We have some notes about [various technical questions here.](https://docs.google.com/document/d/187LPs2c5j13O8dlemwsWMEkn4__LgaN7TcXwEkakxYY/edit?usp=sharing).
I'll try to break them out into various approaches with questions for us to discuss.
## Potential options
### 1A Generate-on-demand, execute via shell to pre-compiled binary
* generate a binary based on the python code
* front-end code requests link recommendations for an article from an API module
* API module checks cache, if recommendations not, then shell exec command to the binary
* cache the results
* invalidate the results when an edit is made to the article
* I'm assuming the pre-compiled binary (generated from the python codebase) would live in #growthexperiments extension
Questions:
- [ ] is `exec`'ing to an audited binary like this possible in our stack?
- [ ] where would the binary live?

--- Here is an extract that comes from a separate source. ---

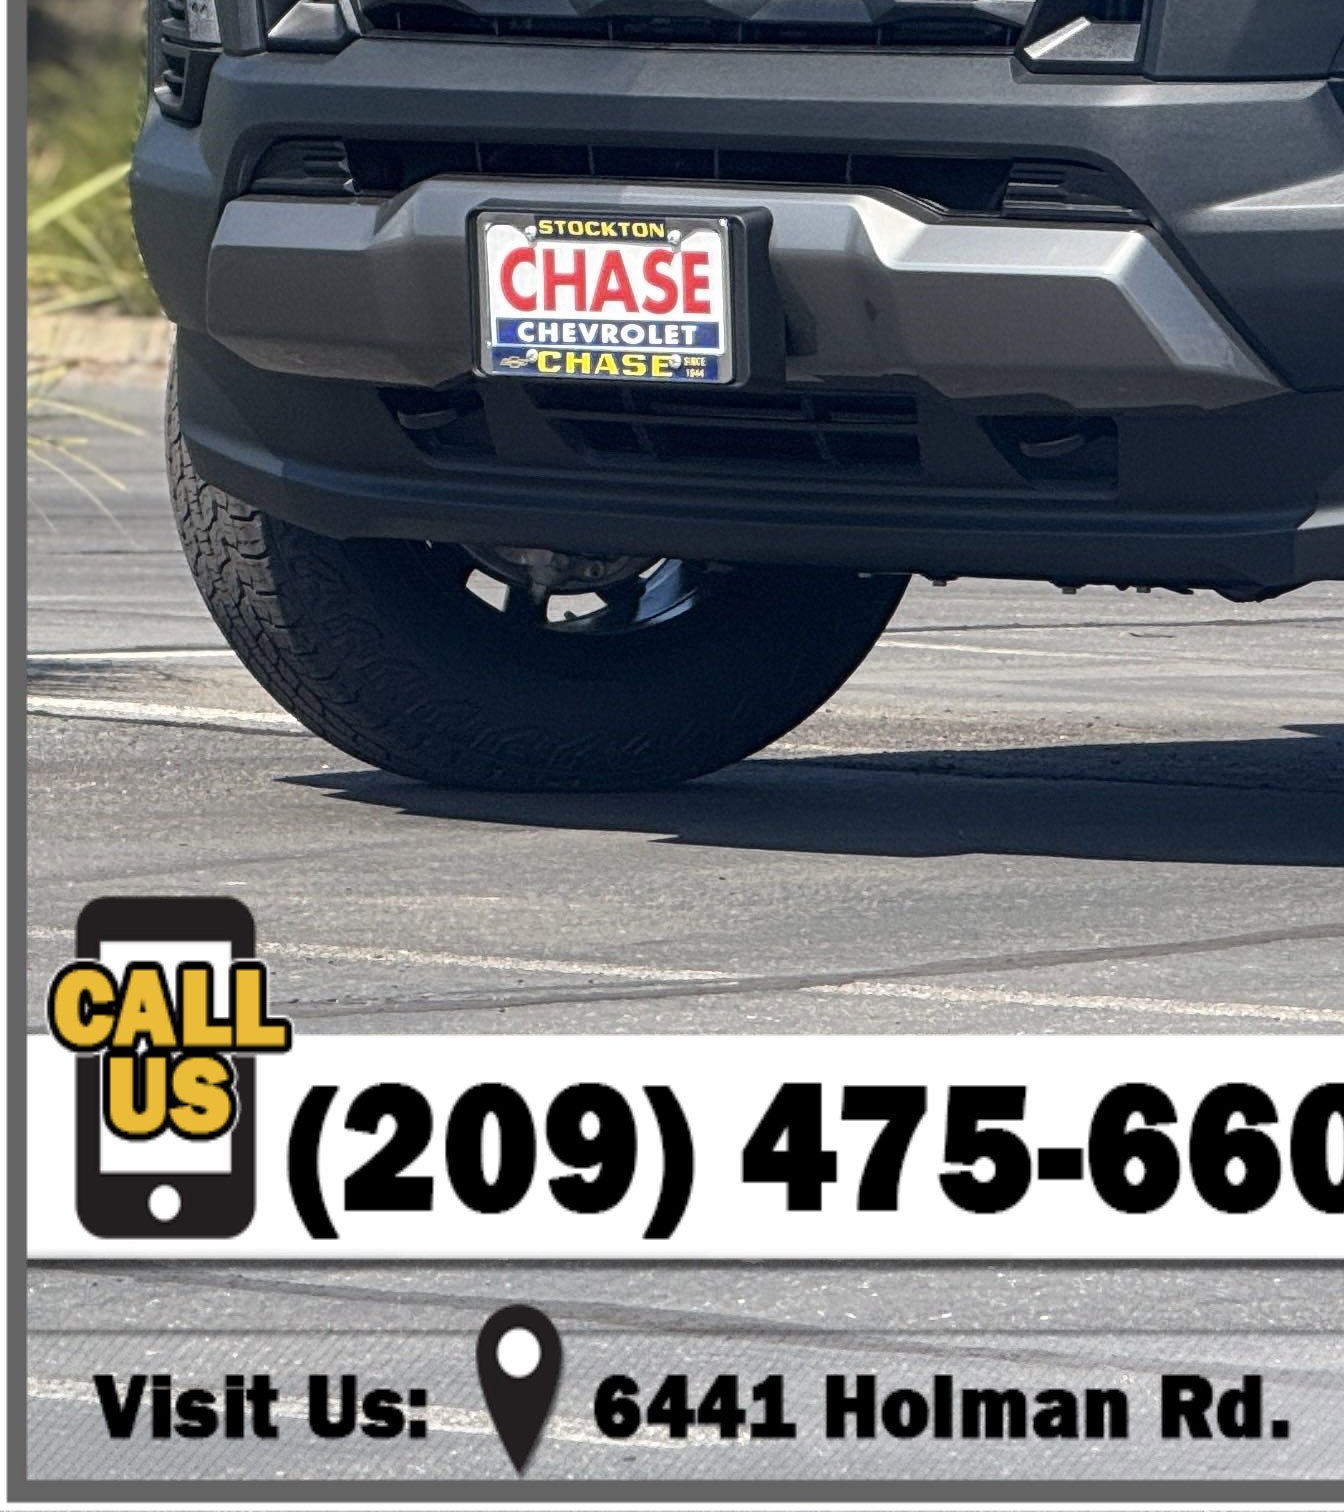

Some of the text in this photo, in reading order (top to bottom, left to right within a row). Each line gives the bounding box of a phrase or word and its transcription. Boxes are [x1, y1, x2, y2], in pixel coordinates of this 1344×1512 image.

[538, 219, 665, 238] STOCKTON
[500, 247, 711, 314] CHASE
[518, 322, 698, 345] CHEVROLET
[537, 351, 674, 377] CHASE

In #growthexperiments extension?
- [ ] what would the process be like for compiling the binary from a security standpoint?

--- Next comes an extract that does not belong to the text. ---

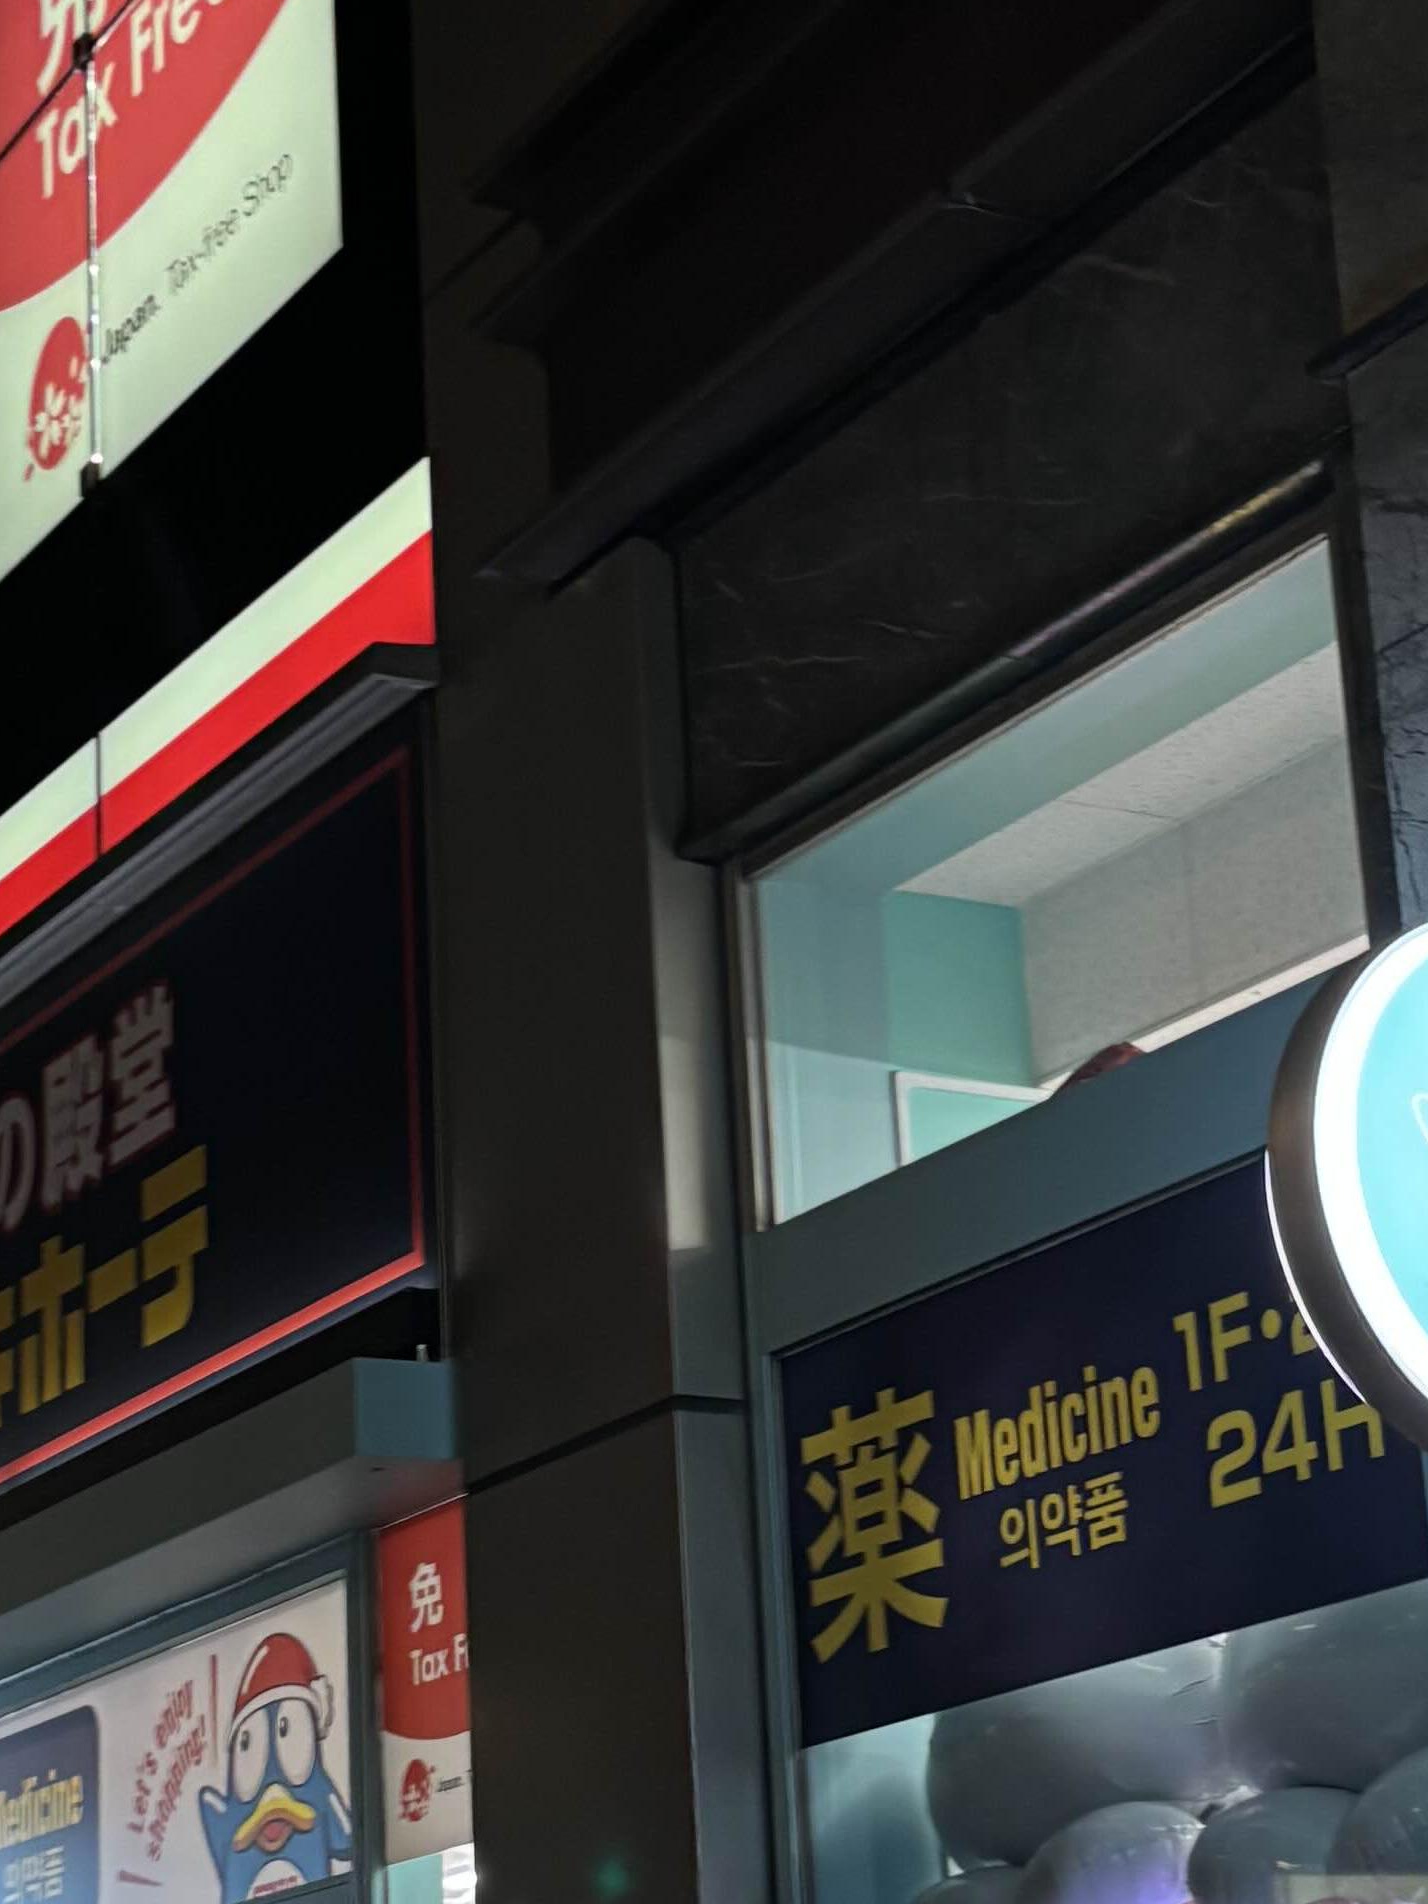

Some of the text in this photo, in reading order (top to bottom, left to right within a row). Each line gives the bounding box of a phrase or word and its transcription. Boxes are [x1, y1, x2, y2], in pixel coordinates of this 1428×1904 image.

- [ ] Would this qualify as a "service" in the way it's defined in [Wikimedia services policy](https://www.mediawiki.org/wiki/Wikimedia_services_policy)
### 1B Generate lazily, execute via shell to pre-compiled binary
* similar to above, except we would use a cron job or a deferred update on every Nth edit to generate the recommendations
* for storage, MySQL would probably make the most sense
Questions:
- same as above, plus
- [ ] Any concerns about using MySQL as a storage space in this scenario?
### 2A Standalone web service, like ORES
* the tool (currently a CLI tool) would need a layer on top of it to provide simple web service capabilities (a GET request with an article ID)
* it would need storage, not sure what that would look like, plus a way to update ElasticSearch with data about which articles have link recommendations
Questions:
- [ ] who would maintain / deploy this?
- [ ] which team could do the setup work of writing the web service for the tool? (or is that on #growth-team) We could probably write something PHP based if that's acceptable but as our other services are nodeJS/python would this be an issue?
- [ ] is this something that would be deployed via Kubernetes?
### 2B Standalone web service, on Toolforge
* the tool (currently a CLI tool) would need a layer on top of it to provide simple web service capabilities (a GET request with an article ID)
* our front-end code would call MediaWiki, which would proxy requests to Toolforge, to work around privacy/security issues, so it will be a bit slower with latency
Questions:
- [ ] Is this approach allowed from a #serviceops perspective?
### 3 Microservice deployed via Kubernetes
* The details are hazy to me, so there is no list here yet :)
Questions:
- [ ] Who needs to write the web service that interacts with the CLI? If that is Growth, is PHP acceptable?
- [ ] Who would maintain the service?
- [ ] How would research update their code / models once it is running?
## Miscellaneous
- We currently have about [275 users per week who click on a task](https://docs.google.com/spreadsheets/d/1Ft0KdSL2kVm37KVRhp4sNQPNe_i94v7r5cECrFTN6JQ/edit?usp=sharing) from Special:Homepage, which is provided by GrowthExperiments. We have plans to deploy GrowthExperiments to 100 wikis (T247507) but even once we are there, there is still going to be fairly limited traffic to the API which provides link suggestions: Special:Homepage is provided via a controlled experiment (80% of new registrants get it) and of those, not everyone will be using the "Add a link" frontend interface.